2. Posted by CSO   2011年04月13日 08:22
地下鉄サリン事件では、カバンからサリンの入った袋を出して、傘で突いて撒いたと記憶しております。 しかしですよ先生、あのチリ一つ落ちていないピカピカの駅の床に、ベンチがあったか記憶に無いですが、大理石の床が崩壊するほどの強力な爆弾となると、それをリモコンする発火装置も含めて、ダンボールサイズはあるはずですが、
それを誰も気づかなかったというのはあり得ないですね。謎は深まるばかりです。
3. Posted by CSO   2011年04月13日 09:42
ミンスクの町は基本的に非スラブ、非白人は非常に少ない町です。観光客は、バスに乗る者は居たとしても、地下鉄には普通乗りません。地下鉄は郊外にお住まいの方の足です。自分のような珍奇な旅行者は地下鉄に用も無く乗りましたが、ガンをつけられたり、なんちゃって中国語で罵倒されたりします。 実行犯が外人なら、巨大な荷物を持ち、ラッシュ時間に、無銭乗車を取りしまるおまわりさんの尋問も受けず、長大なエレベータでだれにもガンをつけられず、ベンチの下に荷物を置いて歩き去った、というのはあり得ない気がします。実行犯は、修理工か掃除夫のフリをして、作業服を着て修理をするフリをして爆弾を装着したか、映画みたいにマンホールをこじあけて、地下道か下水道から侵入、逃走したとしか思えません。
謎は深まるばかりですが、続報をお待ちしております。
4. Posted by nari   2011年04月13日 10:54
確定情報ではないので、眉に唾を付けてお読みください。
ベラルーシ傭兵が、リビアに政府軍側として参加したとの情報が入ってるそうです。また反政府軍側にはアルカイダ等のイスラム過激派組織の存在が確認されており、彼らによるベラルーシへの報復活動ではないのかという憶測が飛び交っています。
一応URLを貼っておきますが、あくまでも噂であり、西側メディア(しかもテレグラフ紙)による報道なので信憑性があるのかは、疑わしいです。

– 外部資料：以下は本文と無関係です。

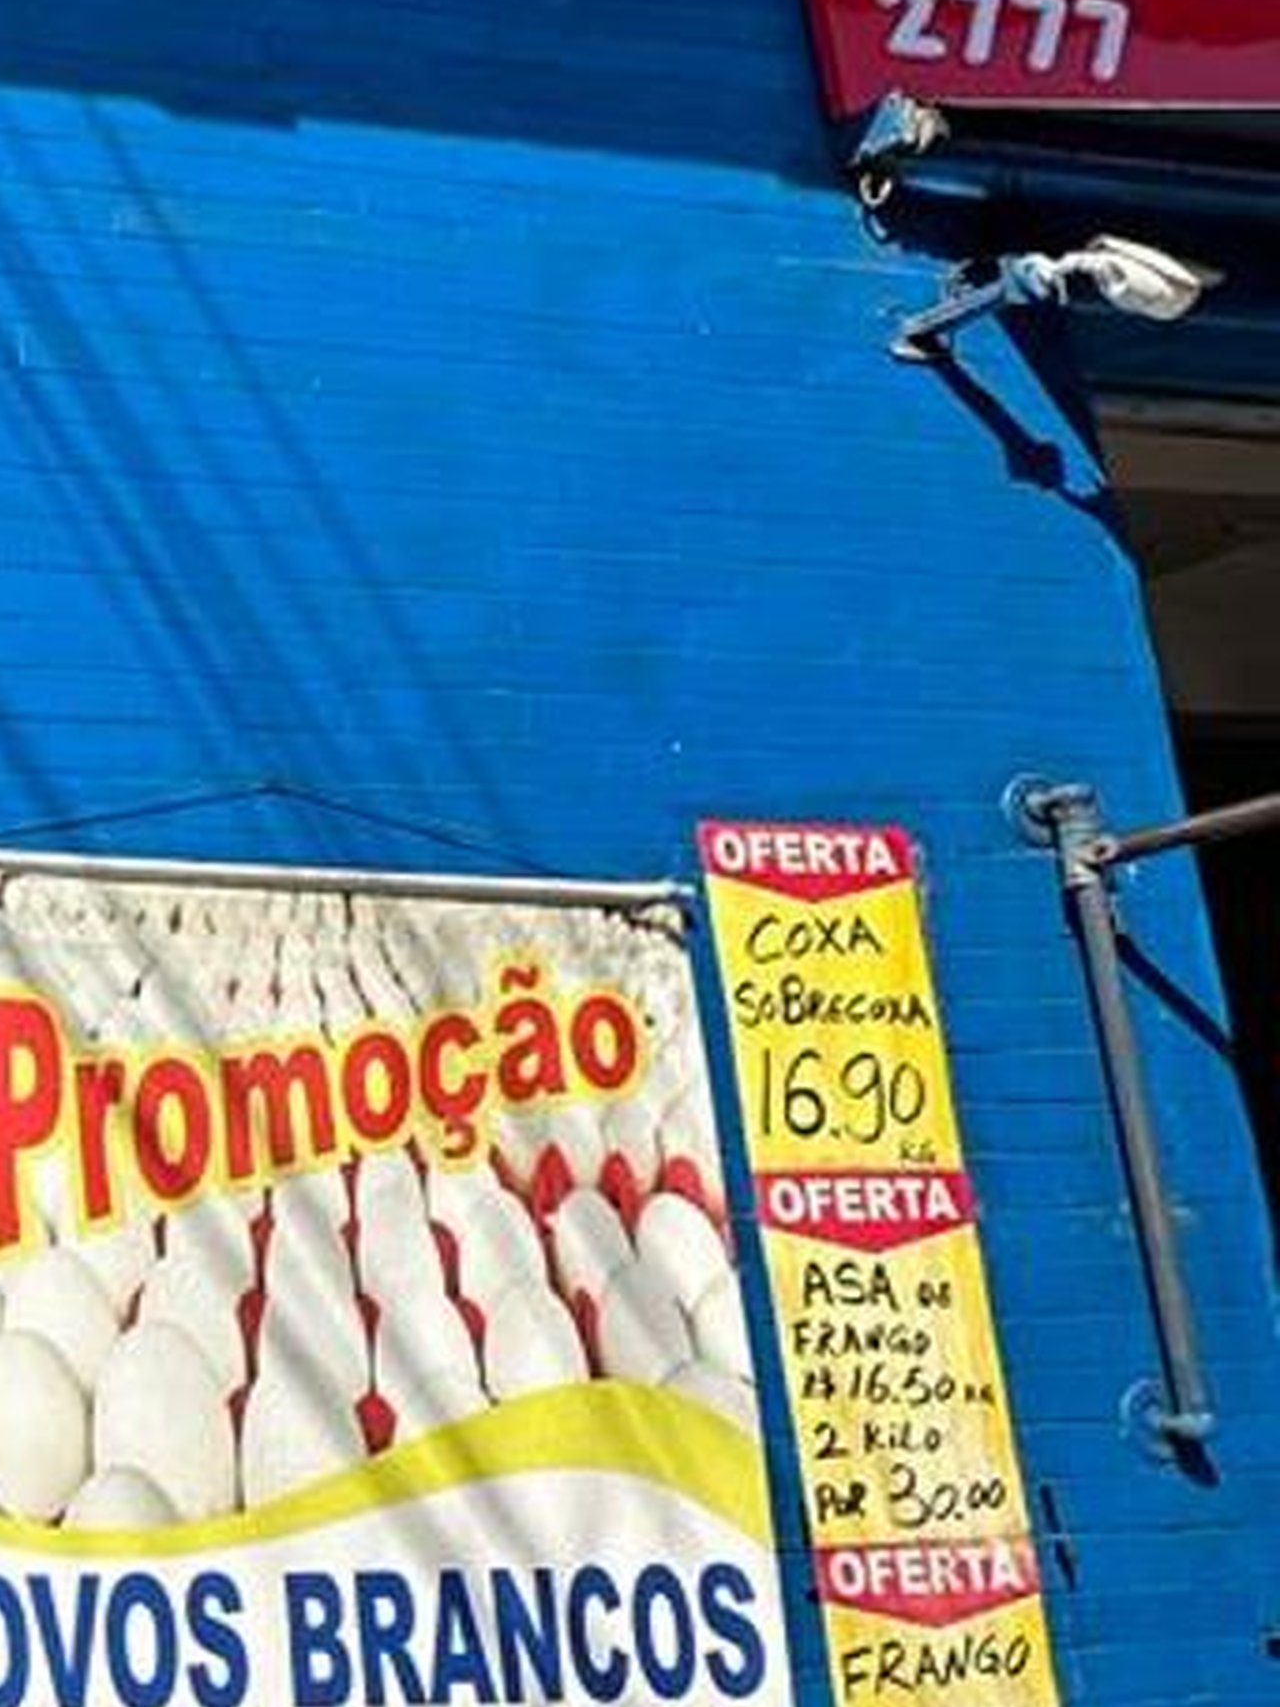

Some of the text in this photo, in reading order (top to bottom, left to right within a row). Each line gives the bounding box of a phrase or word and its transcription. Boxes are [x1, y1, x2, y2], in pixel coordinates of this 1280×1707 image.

http://www.telegraph.co.uk/news/worldnews/africaandindianocean/libya/8432996/Libya-Belarus-mercenary-paid-1900-a-month-to-help-Gaddafi-forces.html
5. Posted by たけまる   2011年04月13日 11:45
本当に、思ってもない所でテロが起きましたね。今日の読売新聞では、二人の容疑者を特定したと、また現大統領に反対する者のしわざか!とも書いてありました。5月後半に妻が帰郷するので心配です。いち早い犯人が捕まることを祈ってます!こちらは、まだまだ余震が多い状態で原発もレベル7に上がりました。
6. Posted by akiravich   2011年04月16日 04:53
CSOさん、ご無沙汰しております。

犯行グループはベラルーシ人だったようです。
犯行の全容解明が待たれるところです。
7. Posted by akiravich   2011年04月16日 04:55
nariさん、こんにちは。

うーん、どうなんでしょうかね。
いろんな情報が飛び交っていますが、実際のところはまだわからないというのが実情です。
ベラルーシの中にいると逆にわからないこともあるのかもしれませんね。
外国のメディアが報道していることにも注目していきたいと思います。